BRIEF
For this exercise, copy the data exactly and omit any images.

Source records
══════
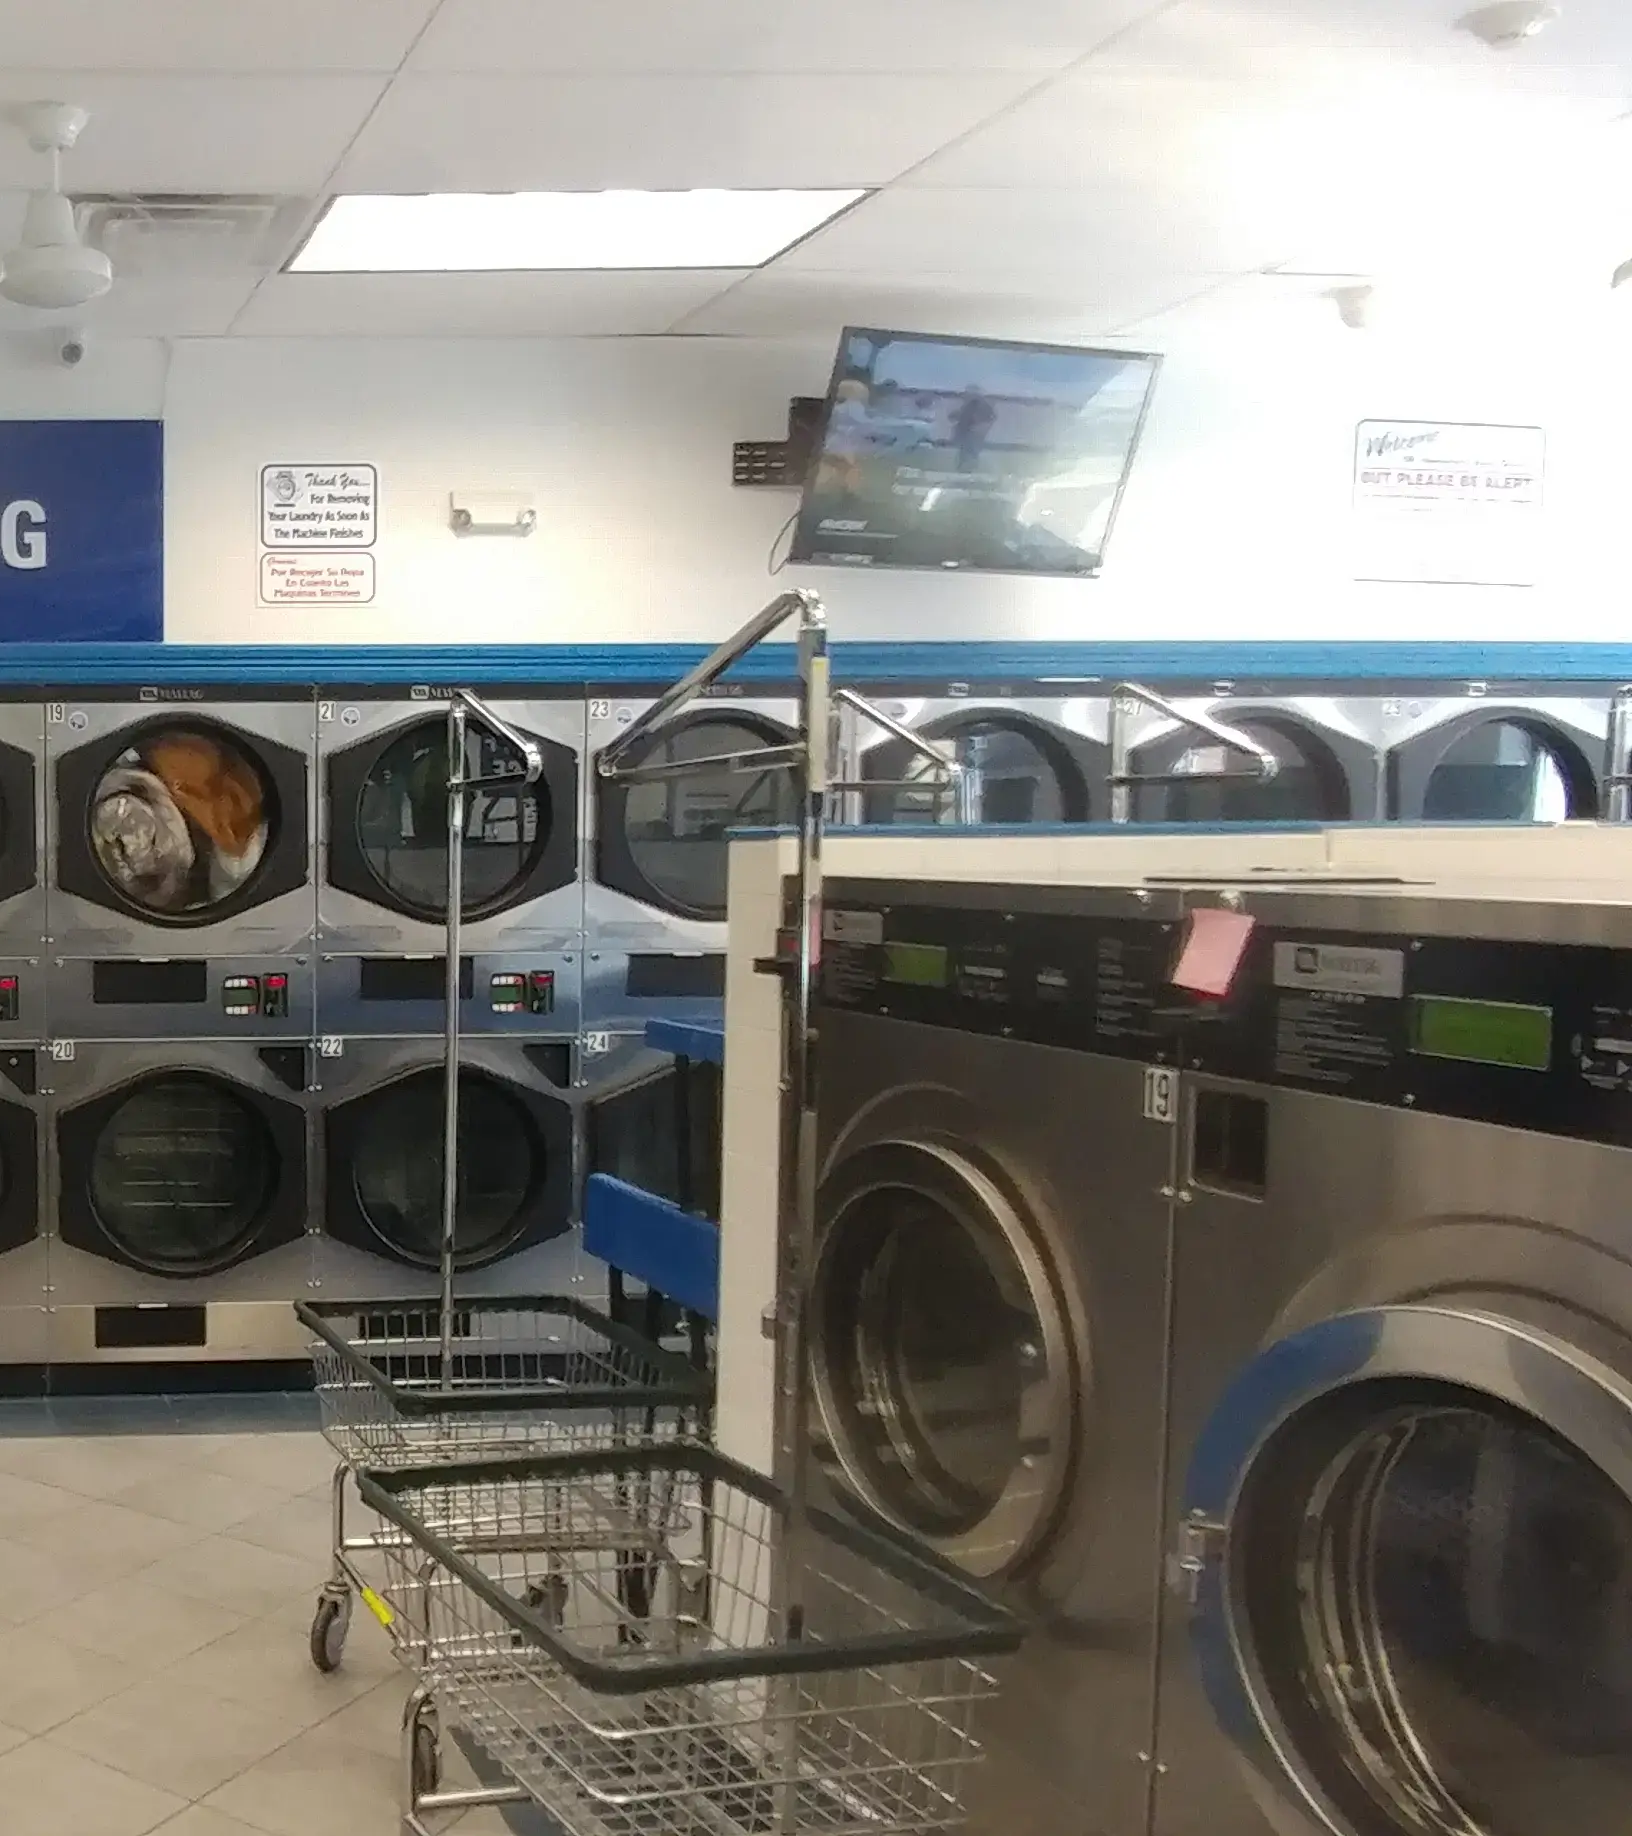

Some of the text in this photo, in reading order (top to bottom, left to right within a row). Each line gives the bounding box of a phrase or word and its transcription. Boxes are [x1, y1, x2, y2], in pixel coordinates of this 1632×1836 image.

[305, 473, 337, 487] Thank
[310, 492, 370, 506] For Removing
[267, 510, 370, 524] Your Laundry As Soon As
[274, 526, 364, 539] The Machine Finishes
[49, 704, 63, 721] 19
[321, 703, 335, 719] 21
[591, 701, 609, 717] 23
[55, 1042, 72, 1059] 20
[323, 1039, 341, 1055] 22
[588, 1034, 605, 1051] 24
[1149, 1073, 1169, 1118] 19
══════
ANSWER TO THE EXERCISE
Some of the text in this photo, in reading order (top to bottom, left to right within a row). Each line gives the bounding box of a phrase or word and its transcription. Boxes are [x1, y1, x2, y2], in pixel coordinates of this 1632×1836 image.

[305, 473, 337, 487] Thank
[310, 492, 370, 506] For Removing
[267, 510, 370, 524] Your Laundry As Soon As
[274, 526, 364, 539] The Machine Finishes
[49, 704, 63, 721] 19
[321, 703, 335, 719] 21
[591, 701, 609, 717] 23
[55, 1042, 72, 1059] 20
[323, 1039, 341, 1055] 22
[588, 1034, 605, 1051] 24
[1149, 1073, 1169, 1118] 19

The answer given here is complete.